> **PROBLEM REQUIREMENTS**
Only the text should be kept: print every entry below exactly and leave each image out.

> **DATASET ENTRIES**
--- START ---

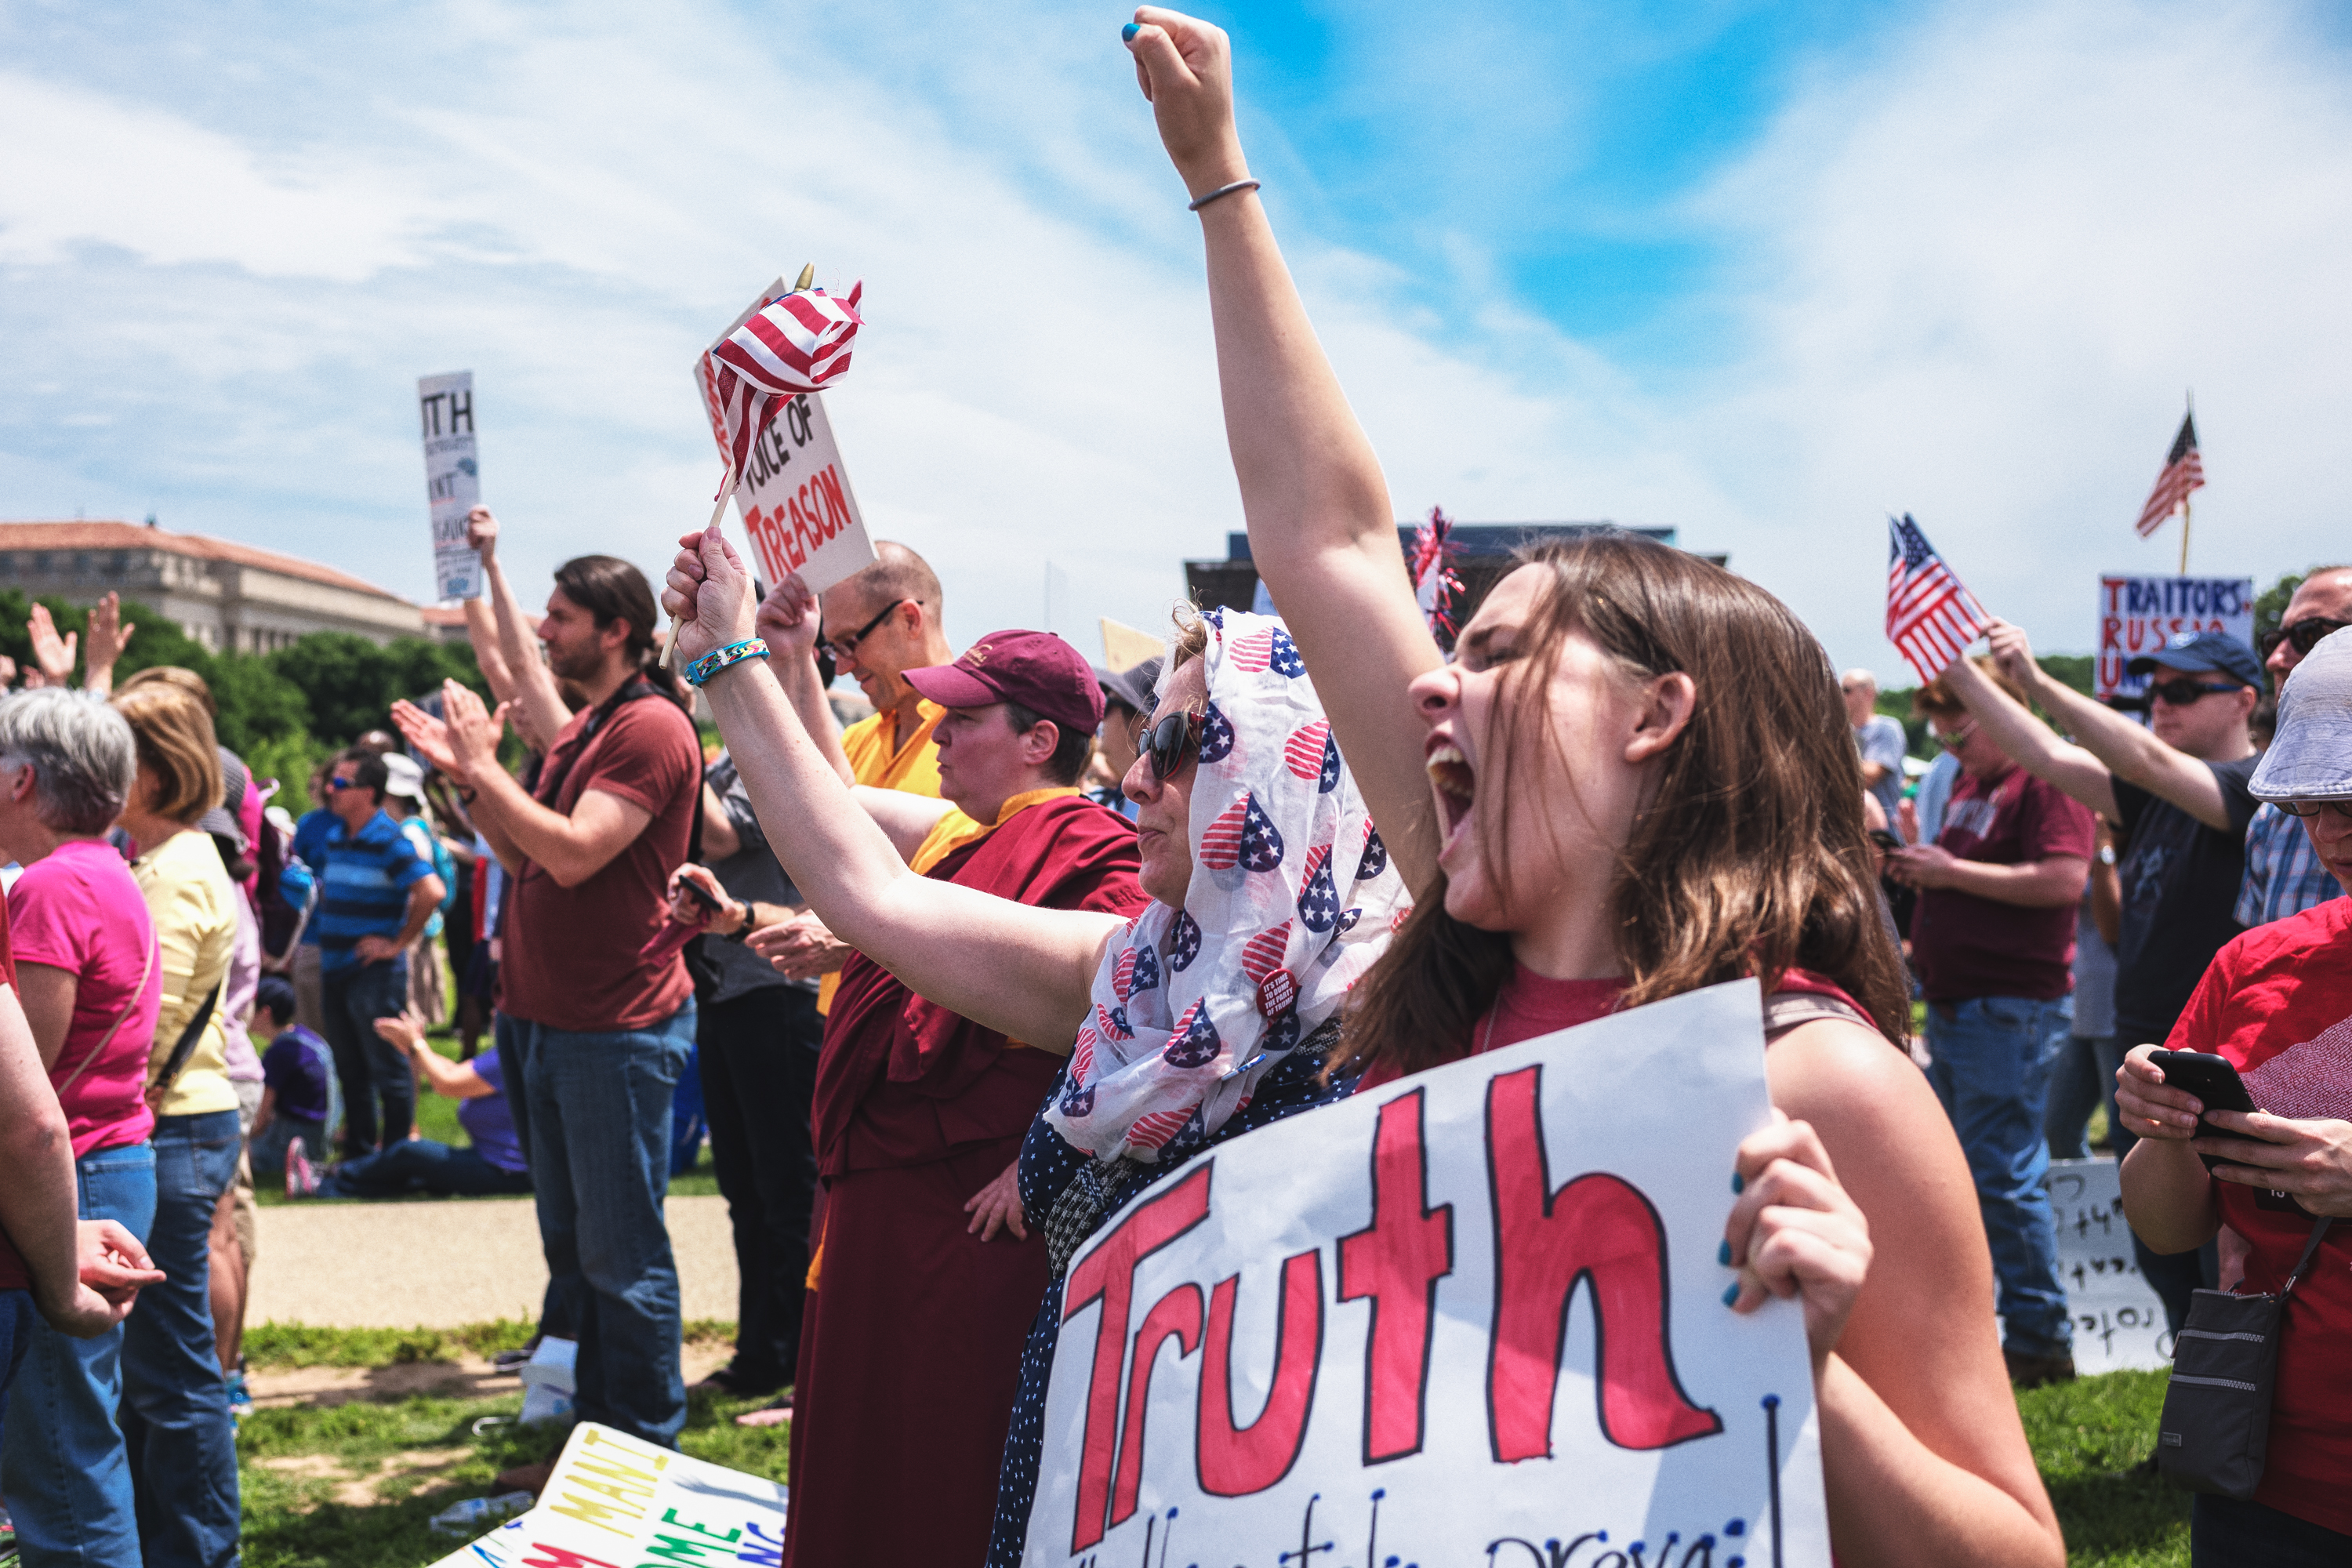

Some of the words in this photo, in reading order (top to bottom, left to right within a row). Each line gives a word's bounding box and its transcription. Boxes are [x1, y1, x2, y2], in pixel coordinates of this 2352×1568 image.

[745, 415, 791, 495] OICE
[786, 393, 814, 448] OF
[744, 463, 852, 584] TREASON
[1263, 982, 1275, 993] IT'S
[1274, 972, 1288, 985] TIME
[1265, 992, 1274, 1001] TO
[1273, 980, 1290, 996] DUMP
[1265, 999, 1276, 1010] THE
[1276, 987, 1293, 1004] PARTY
[1267, 1007, 1275, 1017] OF
[1275, 995, 1294, 1012] TRUMP
[1061, 1062, 1725, 1558] Truth

--- END ---

> **COMPLETED EXERCISE**
Some of the words in this photo, in reading order (top to bottom, left to right within a row). Each line gives a word's bounding box and its transcription. Boxes are [x1, y1, x2, y2], in pixel coordinates of this 2352×1568 image.

[745, 415, 791, 495] OICE
[786, 393, 814, 448] OF
[744, 463, 852, 584] TREASON
[1263, 982, 1275, 993] IT'S
[1274, 972, 1288, 985] TIME
[1265, 992, 1274, 1001] TO
[1273, 980, 1290, 996] DUMP
[1265, 999, 1276, 1010] THE
[1276, 987, 1293, 1004] PARTY
[1267, 1007, 1275, 1017] OF
[1275, 995, 1294, 1012] TRUMP
[1061, 1062, 1725, 1558] Truth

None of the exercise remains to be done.